### TASK DESCRIPTION
Lines with "Social" in the records below: say how many there are, and add nothing.

### DATA PROVIDED
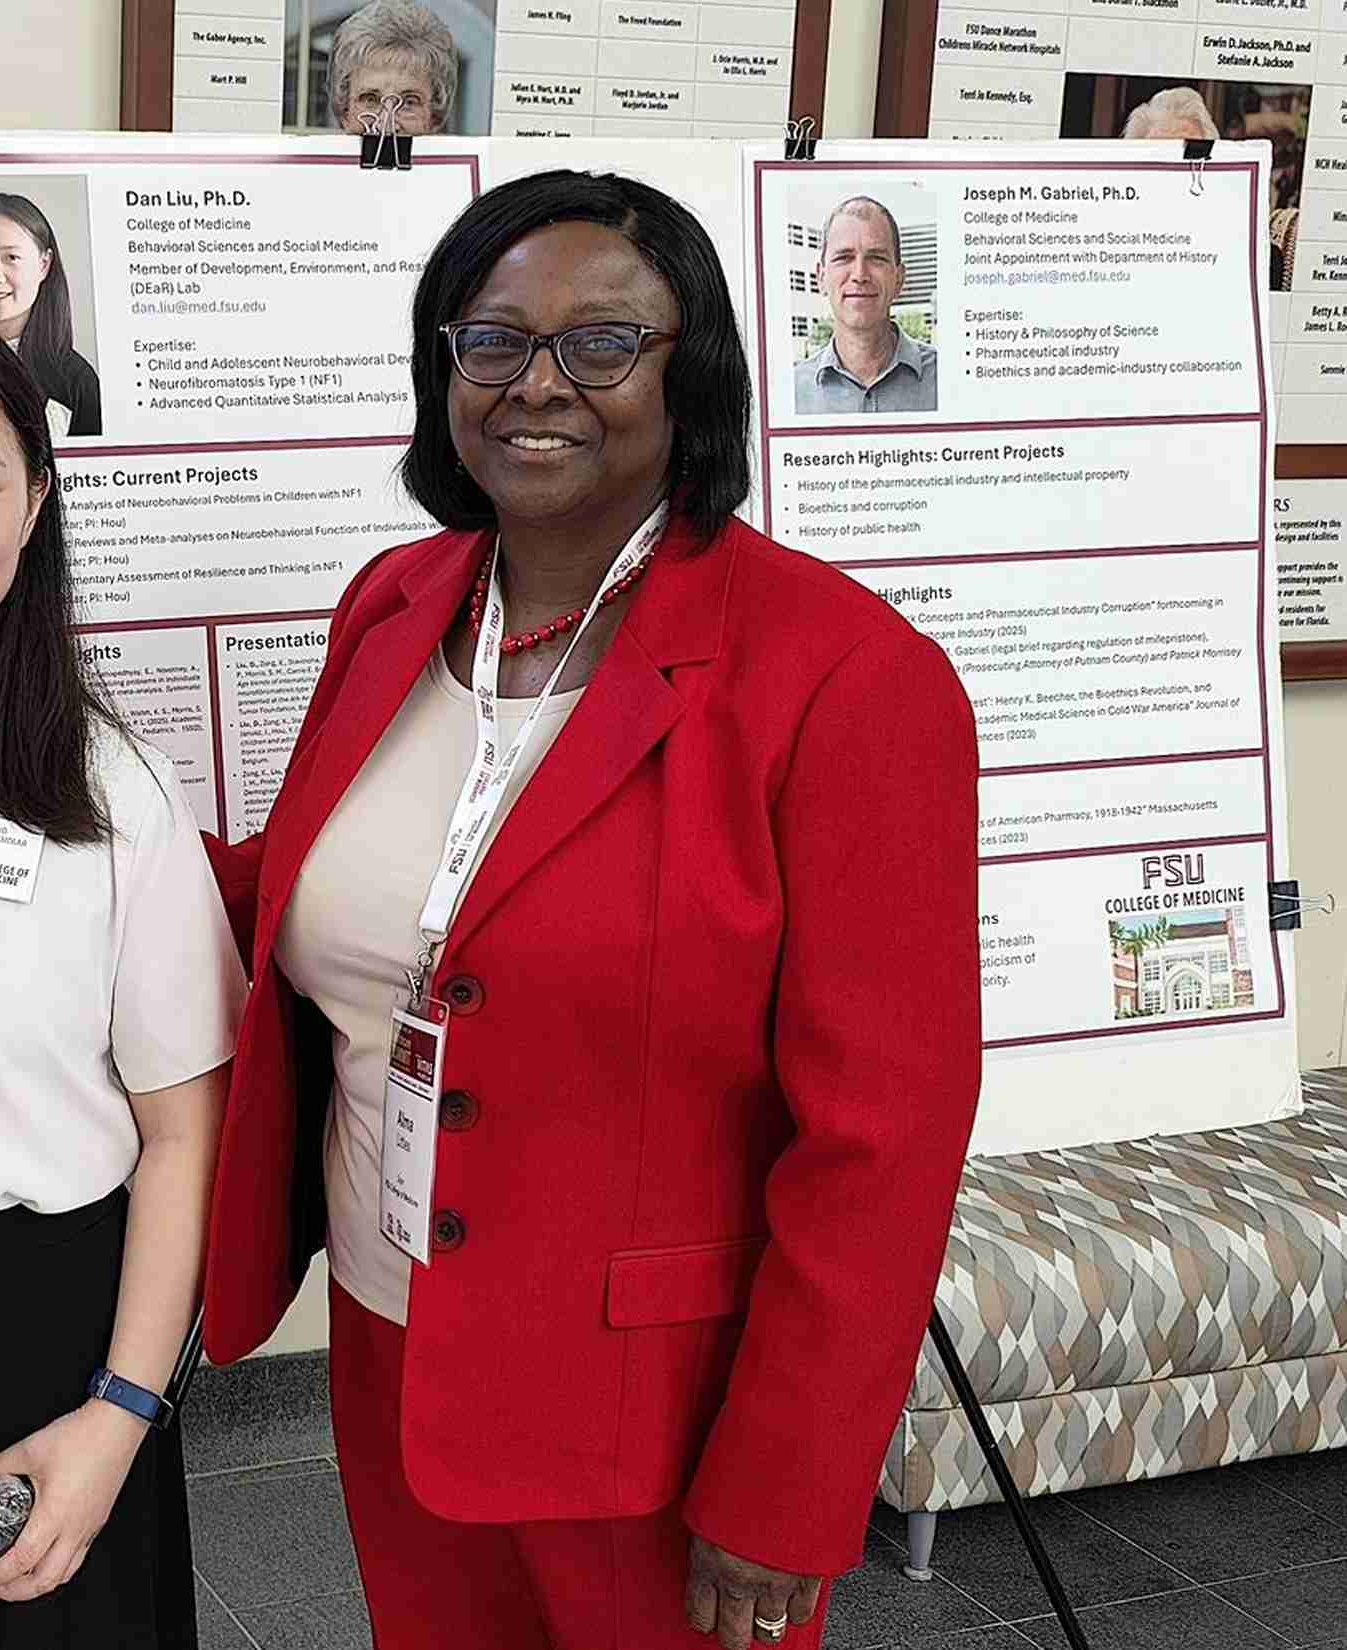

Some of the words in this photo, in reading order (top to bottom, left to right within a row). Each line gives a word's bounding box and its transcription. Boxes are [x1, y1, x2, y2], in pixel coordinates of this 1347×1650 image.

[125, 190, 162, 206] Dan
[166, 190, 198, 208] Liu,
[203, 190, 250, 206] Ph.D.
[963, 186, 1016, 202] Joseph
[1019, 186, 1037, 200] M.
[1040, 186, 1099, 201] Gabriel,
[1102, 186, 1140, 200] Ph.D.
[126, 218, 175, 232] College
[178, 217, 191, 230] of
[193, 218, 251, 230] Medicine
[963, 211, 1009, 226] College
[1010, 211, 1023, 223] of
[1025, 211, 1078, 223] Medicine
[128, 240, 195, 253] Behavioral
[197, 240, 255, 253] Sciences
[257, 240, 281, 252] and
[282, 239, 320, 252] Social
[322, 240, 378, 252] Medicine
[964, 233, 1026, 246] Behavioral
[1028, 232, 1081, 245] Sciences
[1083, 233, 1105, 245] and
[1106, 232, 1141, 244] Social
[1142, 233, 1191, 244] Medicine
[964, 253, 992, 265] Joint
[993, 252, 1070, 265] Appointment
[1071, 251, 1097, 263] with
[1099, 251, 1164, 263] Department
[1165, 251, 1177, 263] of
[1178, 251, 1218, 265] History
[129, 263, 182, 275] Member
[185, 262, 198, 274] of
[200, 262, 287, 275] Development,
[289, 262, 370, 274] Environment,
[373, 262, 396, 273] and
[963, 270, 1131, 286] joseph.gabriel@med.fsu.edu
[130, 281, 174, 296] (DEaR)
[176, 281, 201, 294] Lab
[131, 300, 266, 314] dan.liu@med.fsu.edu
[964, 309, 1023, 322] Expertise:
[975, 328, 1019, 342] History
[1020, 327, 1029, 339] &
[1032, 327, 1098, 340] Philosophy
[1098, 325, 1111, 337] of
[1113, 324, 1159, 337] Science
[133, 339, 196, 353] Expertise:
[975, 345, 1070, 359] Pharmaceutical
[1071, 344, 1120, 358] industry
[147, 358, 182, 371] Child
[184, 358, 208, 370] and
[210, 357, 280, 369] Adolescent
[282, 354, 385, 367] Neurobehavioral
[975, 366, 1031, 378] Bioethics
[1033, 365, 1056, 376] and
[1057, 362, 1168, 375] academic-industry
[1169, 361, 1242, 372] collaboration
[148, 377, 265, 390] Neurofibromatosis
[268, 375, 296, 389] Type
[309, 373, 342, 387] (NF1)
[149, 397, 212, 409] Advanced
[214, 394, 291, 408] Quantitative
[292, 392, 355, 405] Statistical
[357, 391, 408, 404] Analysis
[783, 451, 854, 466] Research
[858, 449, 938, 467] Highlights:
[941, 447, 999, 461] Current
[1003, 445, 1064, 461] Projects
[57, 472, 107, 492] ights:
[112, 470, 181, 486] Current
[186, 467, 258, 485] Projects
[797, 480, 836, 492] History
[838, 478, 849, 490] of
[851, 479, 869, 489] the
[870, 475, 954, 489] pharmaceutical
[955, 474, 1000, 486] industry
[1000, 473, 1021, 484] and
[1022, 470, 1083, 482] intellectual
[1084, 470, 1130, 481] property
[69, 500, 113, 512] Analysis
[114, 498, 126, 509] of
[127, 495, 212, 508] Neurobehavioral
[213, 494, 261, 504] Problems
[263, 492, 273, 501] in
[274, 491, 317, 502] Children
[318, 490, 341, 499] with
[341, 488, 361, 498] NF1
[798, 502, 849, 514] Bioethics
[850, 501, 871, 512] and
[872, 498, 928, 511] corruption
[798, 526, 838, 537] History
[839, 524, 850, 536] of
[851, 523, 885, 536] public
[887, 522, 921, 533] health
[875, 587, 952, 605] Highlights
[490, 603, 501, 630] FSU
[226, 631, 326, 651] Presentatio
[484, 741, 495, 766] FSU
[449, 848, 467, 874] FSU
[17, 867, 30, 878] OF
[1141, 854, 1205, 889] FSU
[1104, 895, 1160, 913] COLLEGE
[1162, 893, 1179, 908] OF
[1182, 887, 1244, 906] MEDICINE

### EXERCISE ANSWER
2